MUST READ!Half-brother of North Korean leader assassinated in Malaysia
MAGAZINE
Published February 15,2017
http://magazinereaders.blogspot.com/
North Korean female agents using poisoned needles have assassinated the half-brother of the North's leader Kim Jong-Un in Malaysia, South Korean media reported Tuesday.
Officials in Seoul and Kuala Lumpur could not confirm the death of Kim Jong-Nam, once seen as heir apparent in the North.
Malaysian police said an unidentified Korean had been taken sick at Kuala Lumpur International Airport and since died.
If confirmed, Kim Jong-Nam's case would be the highest-profile death
under the Kim Jong-Un regime since the execution of the leader's uncle
Jang Song-Thaek in December 2013.
Kim Jong-Un has been trying to strengthen his grip on power in the
face of growing international pressure over his country's nuclear and
missile programs. He has reportedly staged a series of executions.
The latest launch on Sunday of a new intermediate-range missile
brought UN Security Council condemnation and vows of a strong response
from US President Donald Trump.
South Korea's national news agency Yonhap quoted a source as
saying agents of the North's spy agency, the Reconnaissance General
Bureau, carried out the assassination on Monday by taking advantage of a
security loophole between Jong-Nam's bodyguards and Malaysian police at
the airport.
The 45-year-old was killed by two unidentified female agents using
poisoned needles at the airport, according to South Korean broadcaster
TV Chosun.
That report, citing what it called multiple government sources, said the two women hailed a cab and fled immediately afterwards.
In Malaysia, the police chief in charge of Kuala Lumpur International
Airport, Assistant Commissioner Abdul Aziz Ali, told AFP a Korean in
his forties was found sick at the airport on Monday.
Airport authorities rushed him to hospital and he died on the way, the police chief said.
“I cannot reveal that,” he said when asked if the dead person’s name was Kim Jong-Nam.
“The body is in the Putrajaya Hospital.
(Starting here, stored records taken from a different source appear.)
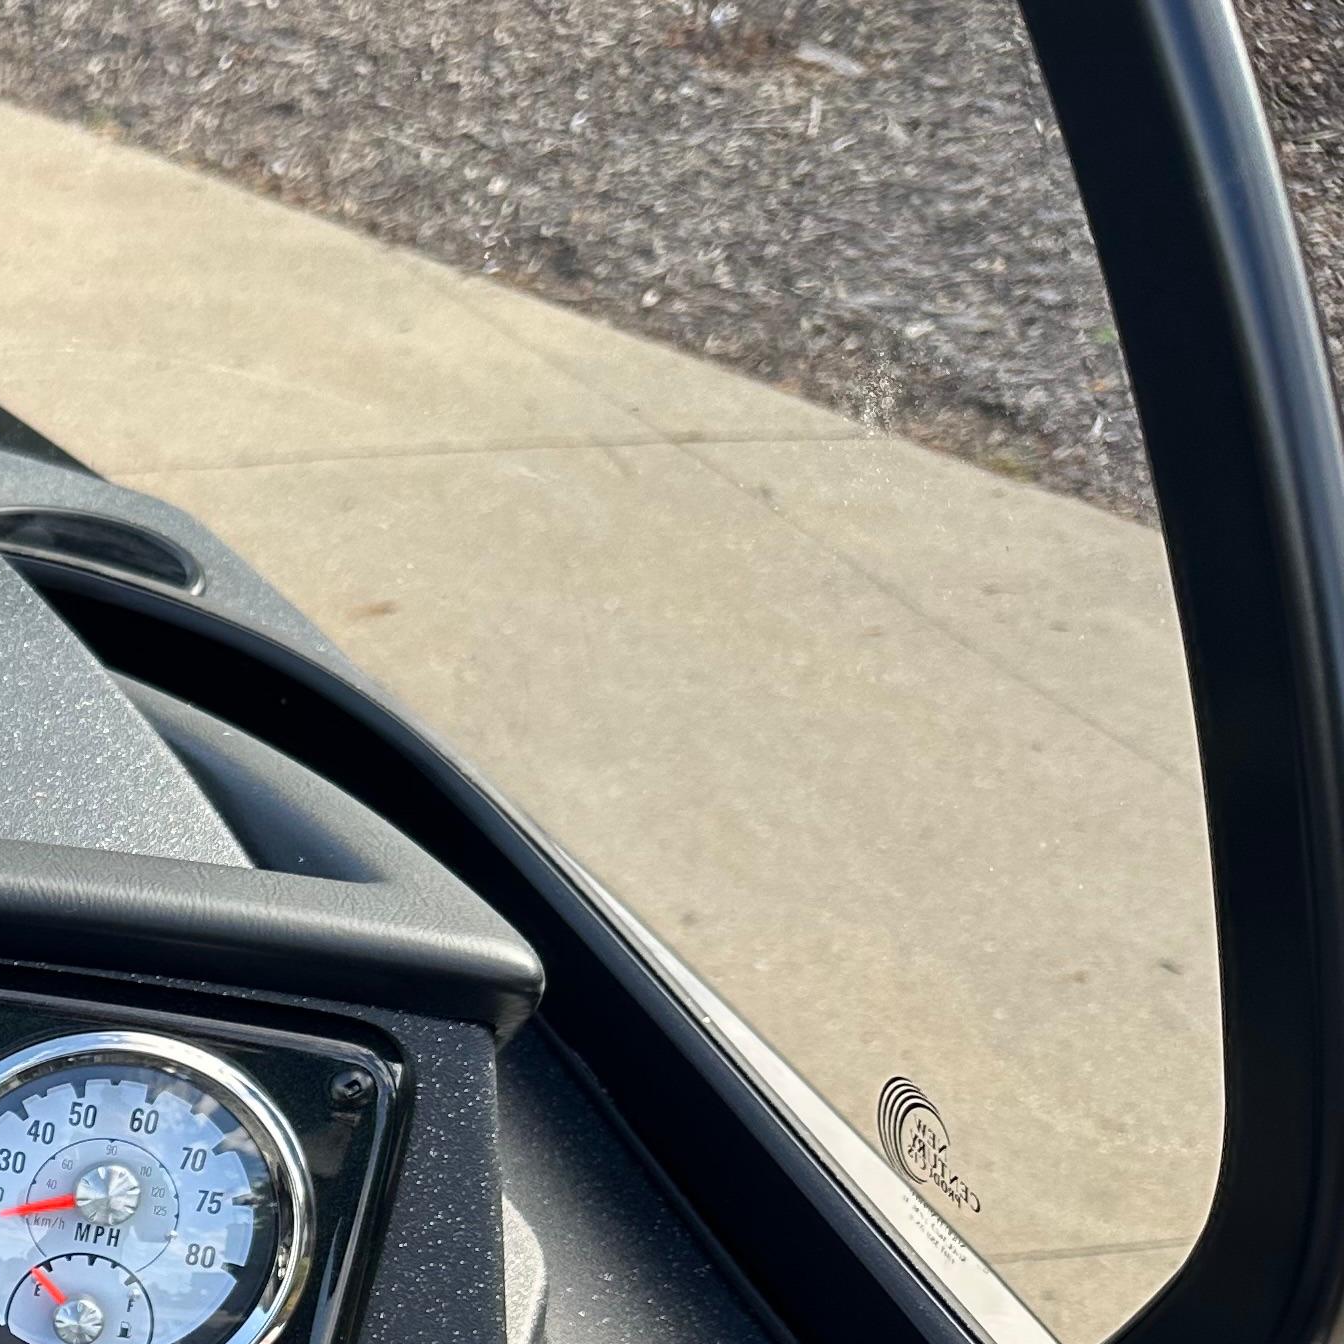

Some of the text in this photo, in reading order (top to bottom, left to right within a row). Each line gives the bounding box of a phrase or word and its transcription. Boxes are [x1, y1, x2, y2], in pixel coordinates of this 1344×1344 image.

[69, 1102, 97, 1129] 50
[130, 1108, 159, 1135] 60
[27, 1121, 56, 1146] 40
[106, 1144, 118, 1156] 90
[180, 1148, 207, 1172] 70
[195, 1190, 222, 1214] 75
[33, 1216, 65, 1230] km/h
[74, 1223, 121, 1247] MPH
[186, 1244, 216, 1268] 80
[34, 1283, 41, 1298] E
[126, 1297, 136, 1314] F
The case is under investigation.”
Kim Jong-Nam, the eldest son of Kim Jong-Il, was once seen as heir
apparent but fell out of favor following an embarrassing botched attempt
in 2001 to enter Japan on a forged passport and visit Disneyland.
He has since lived in virtual exile, mainly in the Chinese territory of Macau.
Jong-Nam's half-brother Jong-Un took over as North Korean leader when their father died in December 2011.
Jong-Nam, known as an advocate of reform in the North, once told a
Japanese newspaper that he opposed his country's dynastic power
transfers.
He was reportedly close to his uncle Jang Song-Thaek, once the
North's unofficial number two and political mentor of the current
leader.
Targeted in the past
Cheong Seong-Jang, senior researcher at Seoul's Sejong Institute
think-tank, said Jong-Nam had been living in near-exile so it was
unlikely that Jong-Un saw him as a potential competitor for power.
"But if Jong-Nam committed an act to damage Jong-Un's authority, I
think it's possible that the Reconnaissance General Bureau may have
directly conducted the assassination under the orders of Jong-Un since
it has been in charge of closely watching Jong-Nam."
Jong-Nam has been targeted in the past. In October 2012, South Korean
prosecutors said a North Korean detained as a spy had admitted
involvement in a plot to stage a hit-and-run car accident in China in
2010 targeting Kim Jong-Nam.
In 2014, Jong-Nam was reported to be in Indonesia -- sighted at an
Italian restaurant run by a Japanese businessman in Jakarta -- and was
said to be shuttling back and forth between Singapore, Indonesia,
Malaysia and France.
In 2012, a Moscow newspaper reported that Jong-Nam was having
financial problems after being cut off by the Stalinist state for
doubting its succession policy.
The Argumenty i Fakty weekly said he was kicked out of a luxury hotel in Macau over a $15,000 debt.
Last year, South Korea warned of possible North Korean assassination
attempts in its territory. It noted previous attempts to assassinate
Hwang Jang-Yop, the North's chief ideologue and former tutor to Kim
Jong-Il, who defected to the South in 1997 and died of natural causes in
2010.
Jong-Nam was born from his father's extra-marital relationship with
Sung Hae-rim, a South Korean-born actress who died in Moscow.